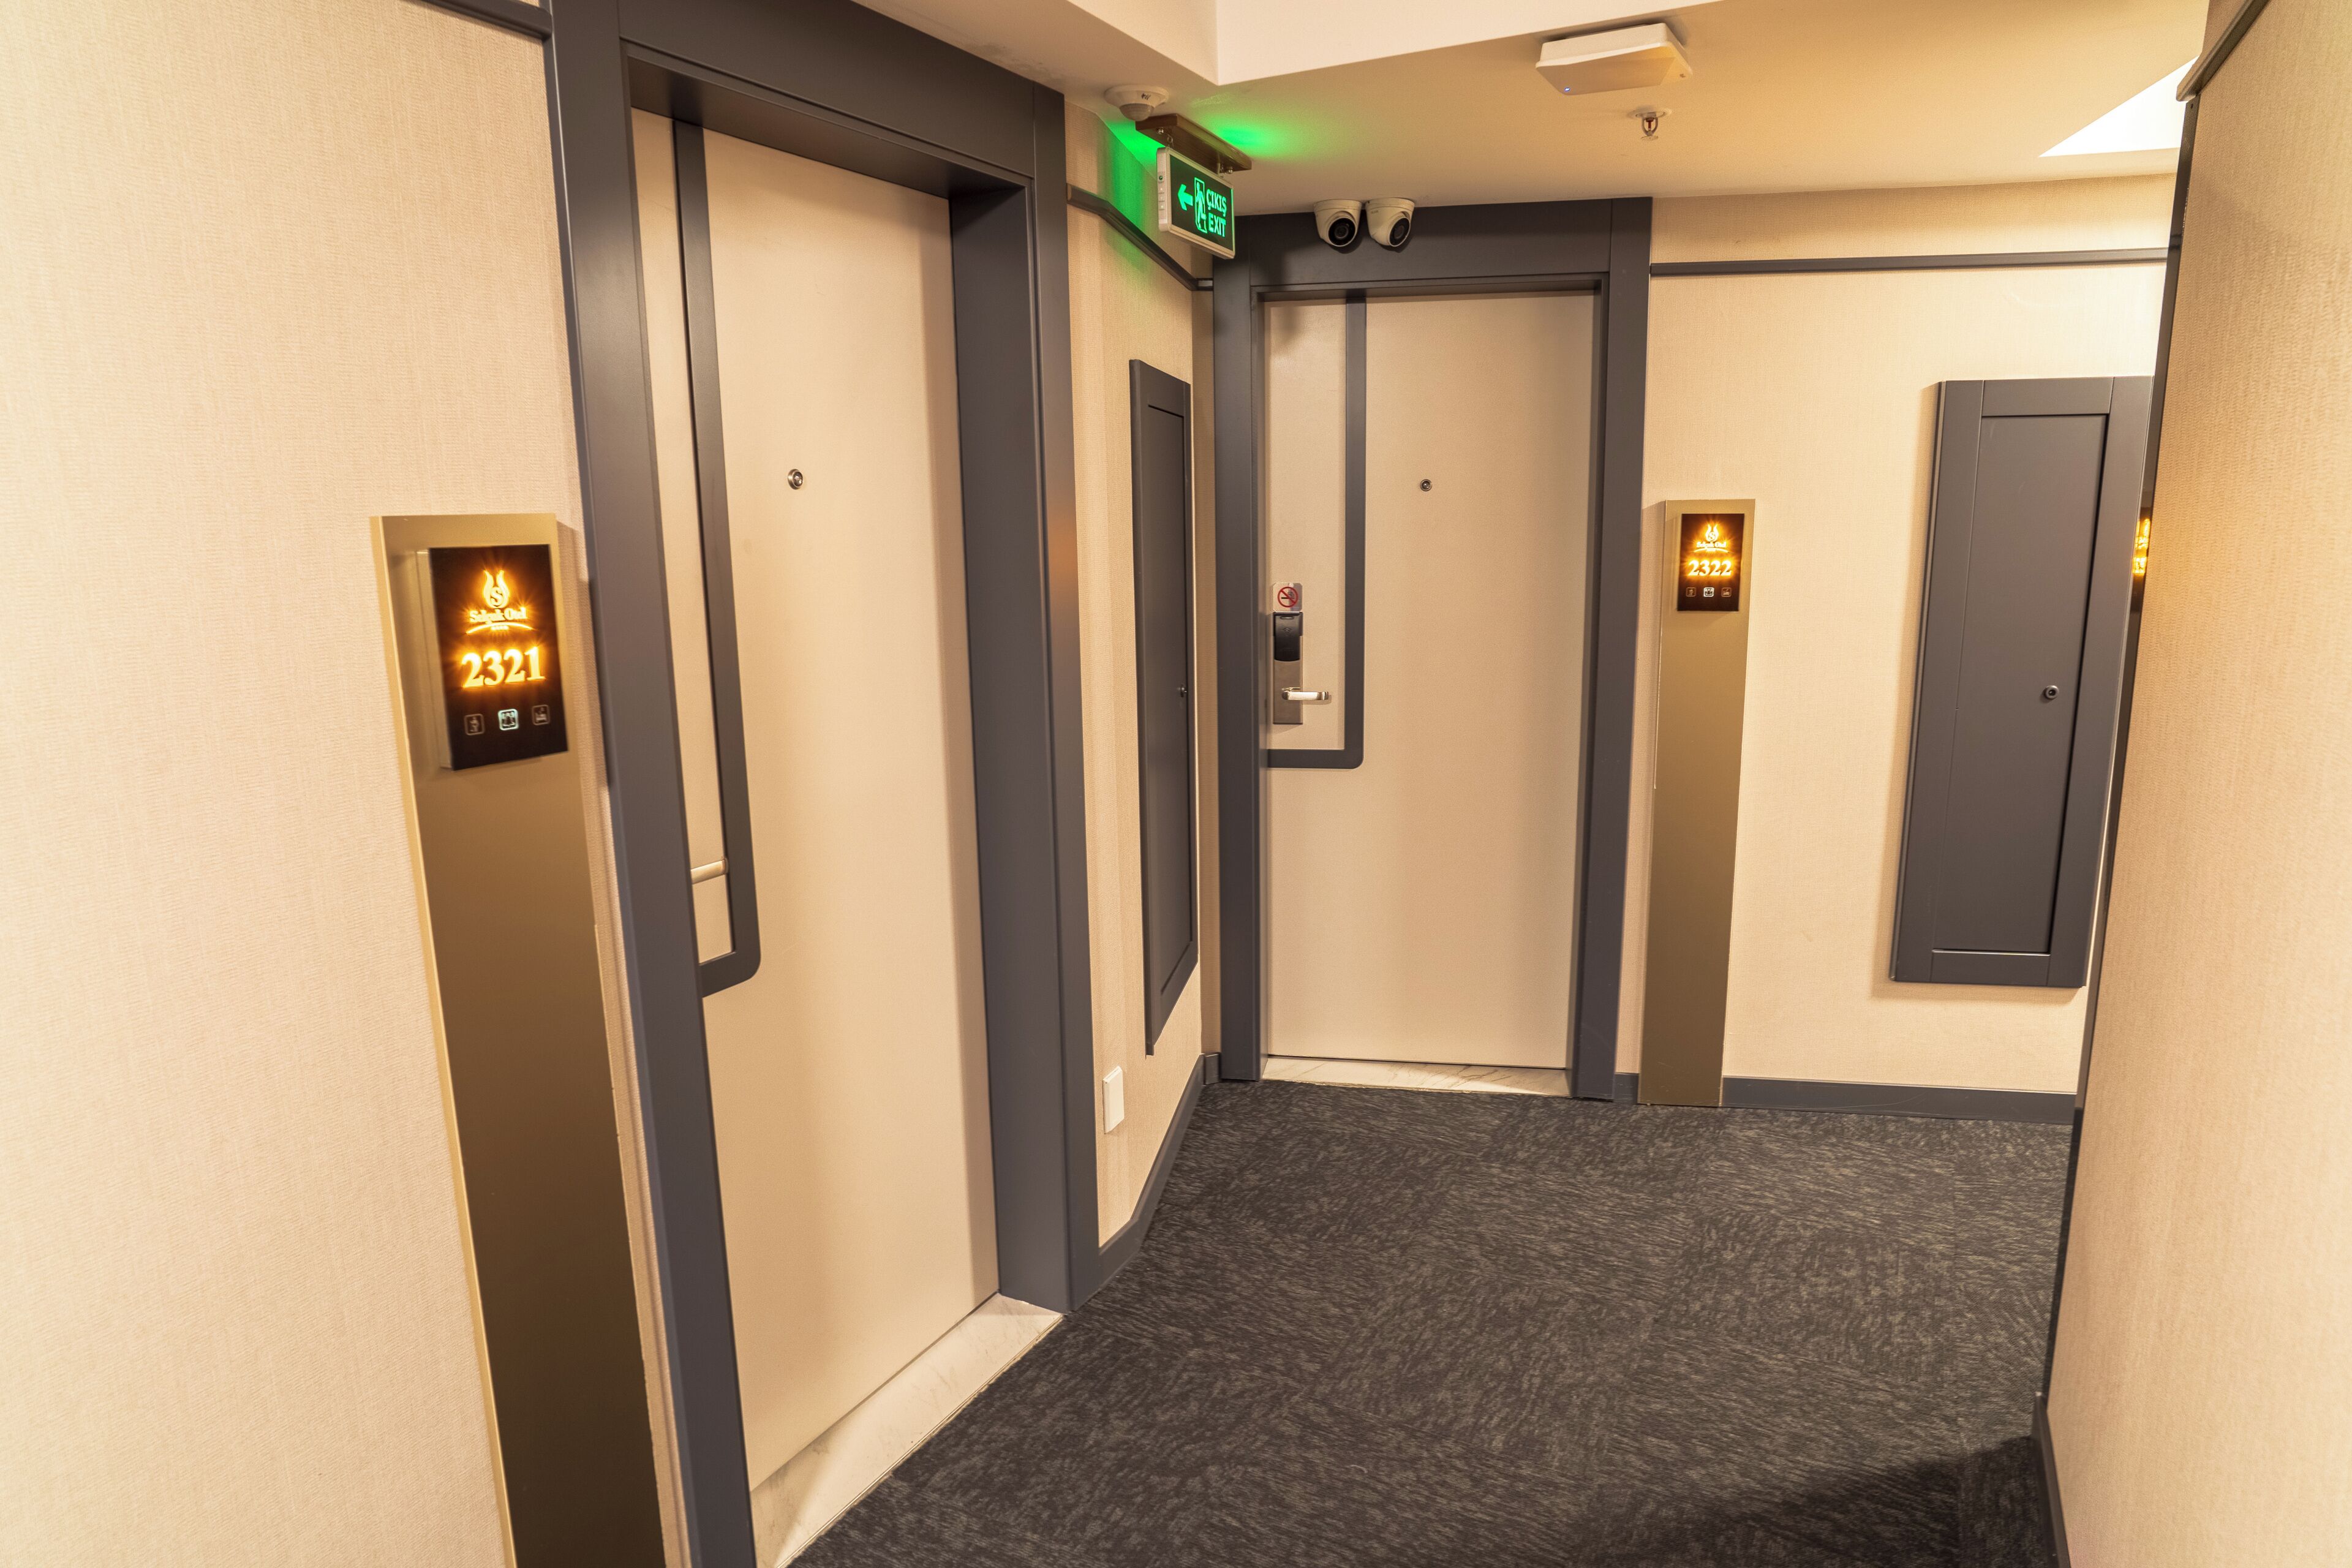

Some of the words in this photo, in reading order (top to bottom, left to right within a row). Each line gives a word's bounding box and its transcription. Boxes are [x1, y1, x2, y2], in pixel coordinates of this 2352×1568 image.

[1207, 189, 1227, 217] ÇIKIŞ
[1208, 213, 1226, 237] EXIT
[1688, 560, 1732, 576] 2322
[461, 647, 546, 688] 2321

============================================================

**EXERCISE AIM:** Where pictures appear, skip them and transcribe all other material word for word.

**TASK SOLUTION:**
Some of the words in this photo, in reading order (top to bottom, left to right within a row). Each line gives a word's bounding box and its transcription. Boxes are [x1, y1, x2, y2], in pixel coordinates of this 2352×1568 image.

[1207, 189, 1227, 217] ÇIKIŞ
[1208, 213, 1226, 237] EXIT
[1688, 560, 1732, 576] 2322
[461, 647, 546, 688] 2321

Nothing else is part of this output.